Field test and review
Puffer (or padded) jackets seem to be all the rage. Whether you are purchasing one for hiking or just daily wear, they are an item of clothing that will keep you warm on your outdoor adventures. Don’t be fooled into thinking that all puffer jackets are made equal, they come in varying styles, are made from different fabrics, some are water repellent, have different fill types (down or synthetic) and above all, have different thermal insulation properties.
Recently I was send a Quechua Forclaz Trek 100 Jacket from Decathlon to field test and review. It arrived towards the end of winter so what better time to test this jacket on the trail. I have worn this jacket during cold winter hikes (5 degrees C) as well as typical spring days (around 15 degrees C) and certainly have my preference for the type of weather I would wear this in. First, let’s talk about the features of this jacket.
Design and Durability
The jacket is made from polyamide canvas (nylon) which has been sewn into a series of square cells to retain the internal wadding (filling). The fabric seems to resist light abrasion from the occasional scrape against rocks and bushes. Unlike most padded jackets, the Trek 100 comes with an integrated hood which I found really useful in blocking out the crisp winter wind and keeping my head warm while I hiked. The cuffs at the end of each sleeve have been elasticated to further aid in keeping your body warmth in. The waist band also has an elastic cord to perform the same function. When zipping the jacket closed, the inside zip flap prevents warm air from escaping and cool air from entering. A nice feature is the ability to pull the zip closed, right up past the collar and over my chin. Keeping warm air inside you jacket is one of the keys to successful insulation and this jacket seems to have all bases covered.
Thermal insulation is one of the main reasons people invest in padded jackets. According to Decathlon’s website, this jacket has been certified for a comfort temperature of -6 during a standardised test in a thermal chamber. The jacket is not down but consists of a 100% polyester wadding (70% recycled) at 100g/sqm on the body and 80g/sqm on the sleeves and hood. This means the jacket is thin in design while still maintaining high insulation. While I didn’t test this jacket at -6 degrees, I did wear it on a few hikes that were in the range of +5-7 degrees and under these conditions I found the insulation to be adequate while moving. When stopping for breaks the jacket didn’t keep me as warm as I expected on these cool days so I would recommend wearing mid and/or base layers to aid in the insulation process.
Pack Size and Weight
Given the thin qualities of the wadding, the Trek 100 Jacket weighs 370g (large size) and is highly compressible, packing down neatly into its left-hand pocket. This pocket has a double zip puller. All of the zips on this jacket come equipped with zip pullers which allow you to easily locate and manage the zip while wearing gloves. If you have bulky gloves you may find the zip pulls a little small so one suggestion for improvement would be to increase the length of them slightly.
I never expect padded (puffer) jackets to be water proof and I recommend wearing a waterproof outer layer if you know rain is eminent. The Trek 100 Jacket has a surface-treated outer layer that prevents light showers from saturating the jacket. This is really useful if a light shower passes as you won’t have to stop to pull out your waterproof jacket. In my testing, light rain seemed to run-off the surface and not absorb into the wadding. It is important to note that the surface-treatment may deteriorate with use but can be reactivated.
With the environment being such a hot topic (as it rightfully should), I believe it is important to always look for hiking gear that lowers the impact on our environment.
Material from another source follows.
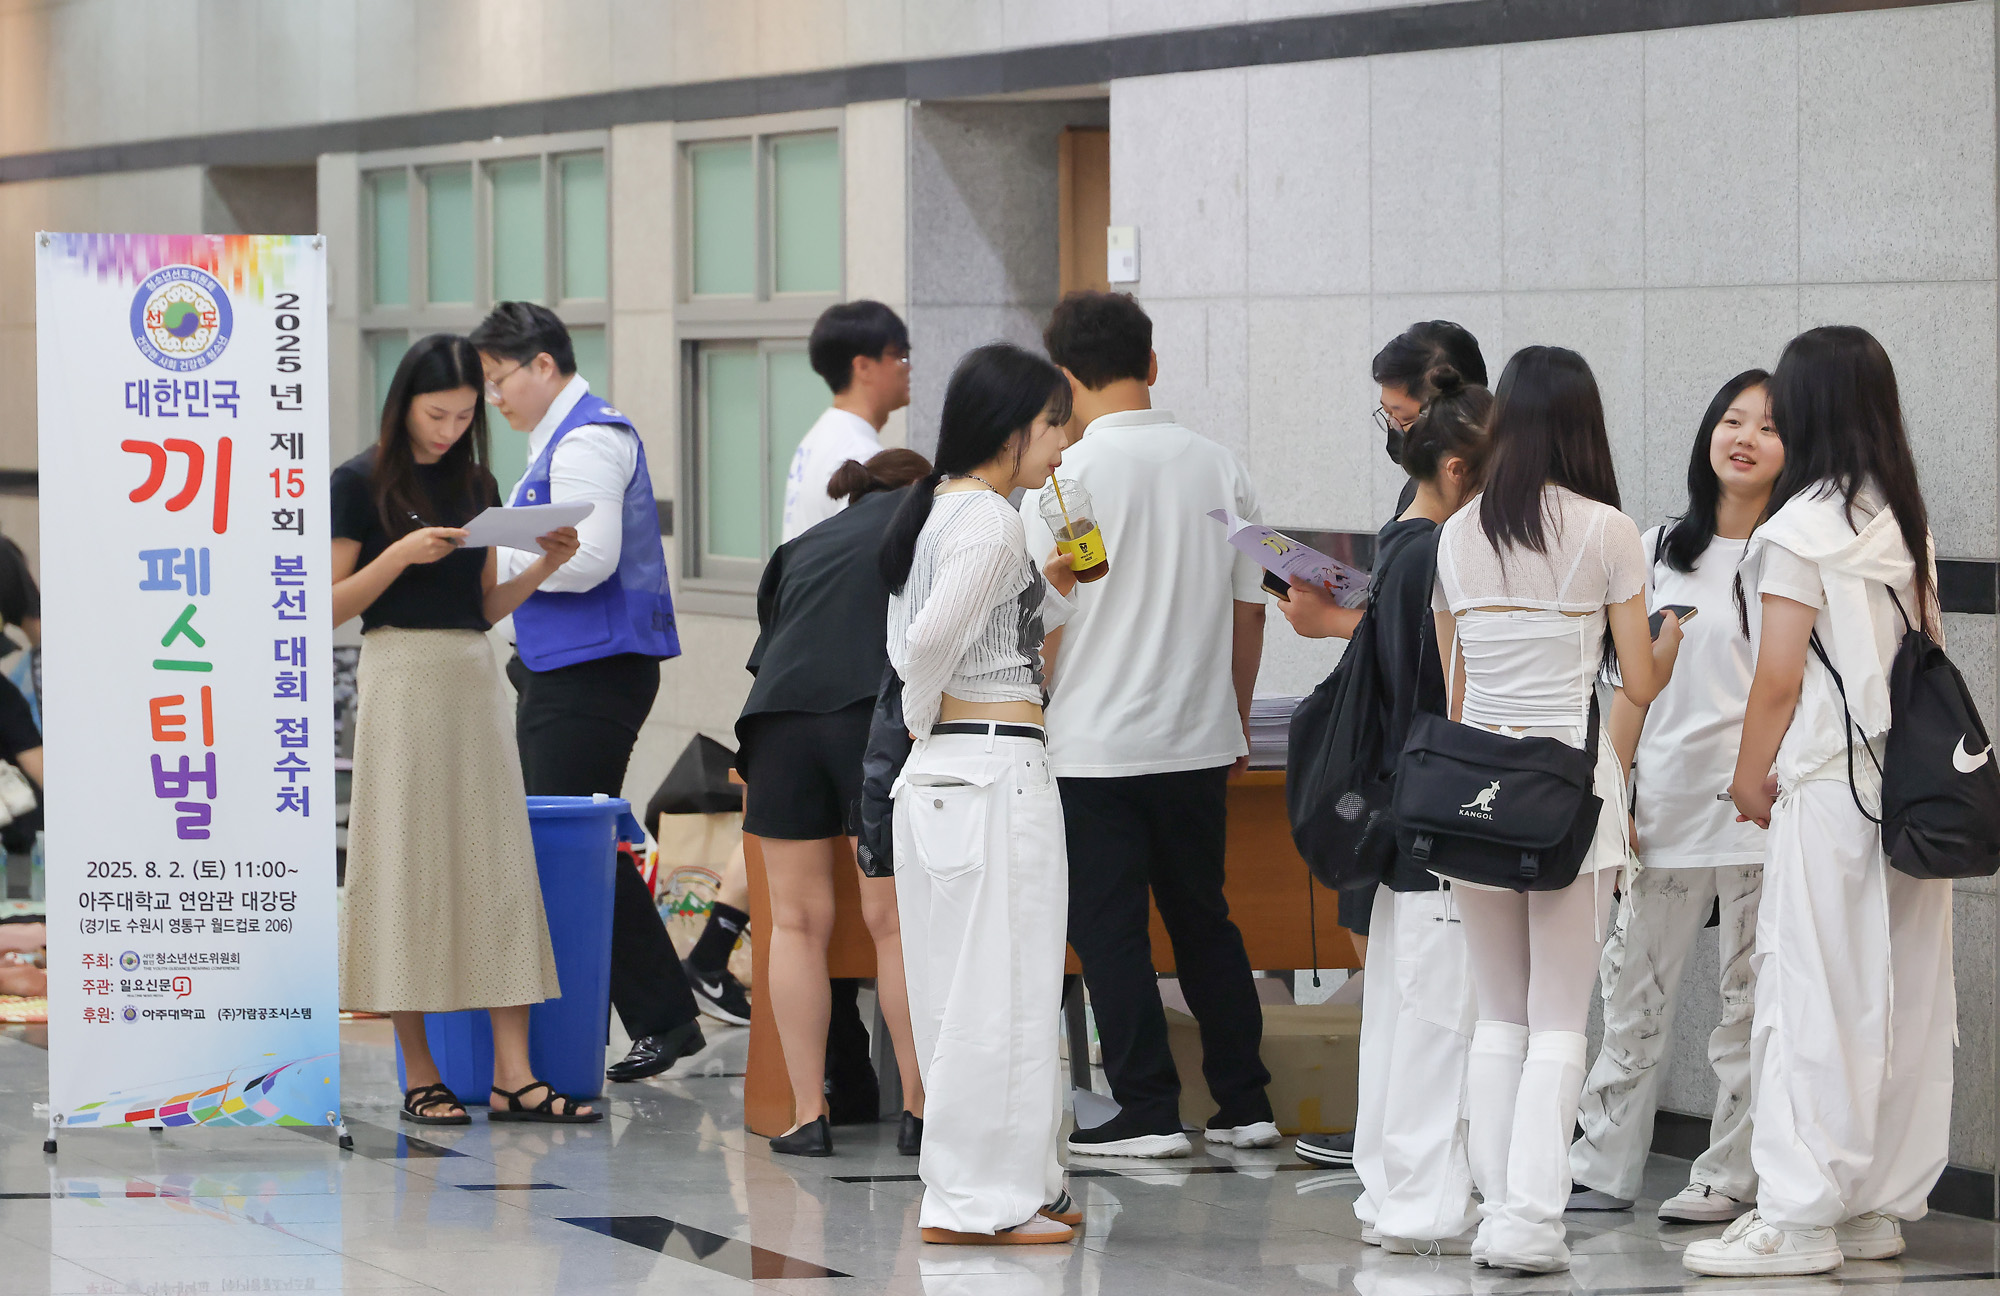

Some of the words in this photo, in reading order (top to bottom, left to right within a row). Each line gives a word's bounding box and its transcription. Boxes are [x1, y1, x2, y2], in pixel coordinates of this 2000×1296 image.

The use of synthetic wadding (versus down) in this jacket has an obvious impact on ducks and geese but this jacket takes things a step further. The following extract is straight from Decathlon’s website as I wont confess to being an expert in manufacturing techniques.
- 100% polyester wadding (70% recycled)
- The fabric we use reduces CO2 emissions by 40%. The fabric used is innovative because it mixes a self-dyed black thread and an undyed thread. Compared to conventional dyeing, this process makes it possible to reduce: fine particle emissions by 66% (PM2.5) eutrophication of fresh water by 74% eutrophication of marine water by 68%
- On the Trek 100 black and blue models, the outer fabric uses a clean dying process known as dope dying (the thread is self-dyed), reducing CO2 emissions by 36%. More information can be found here.
I really enjoyed testing the Quechua Forclaz Trek 100 Jacket. For its weight, packable size and thermal insulation properties I am happy to recommend this jacket for every day wear as well as hiking during cooler days. It is a great spring jacket that will keep you warm and comfortable in temperatures above 10 degrees C.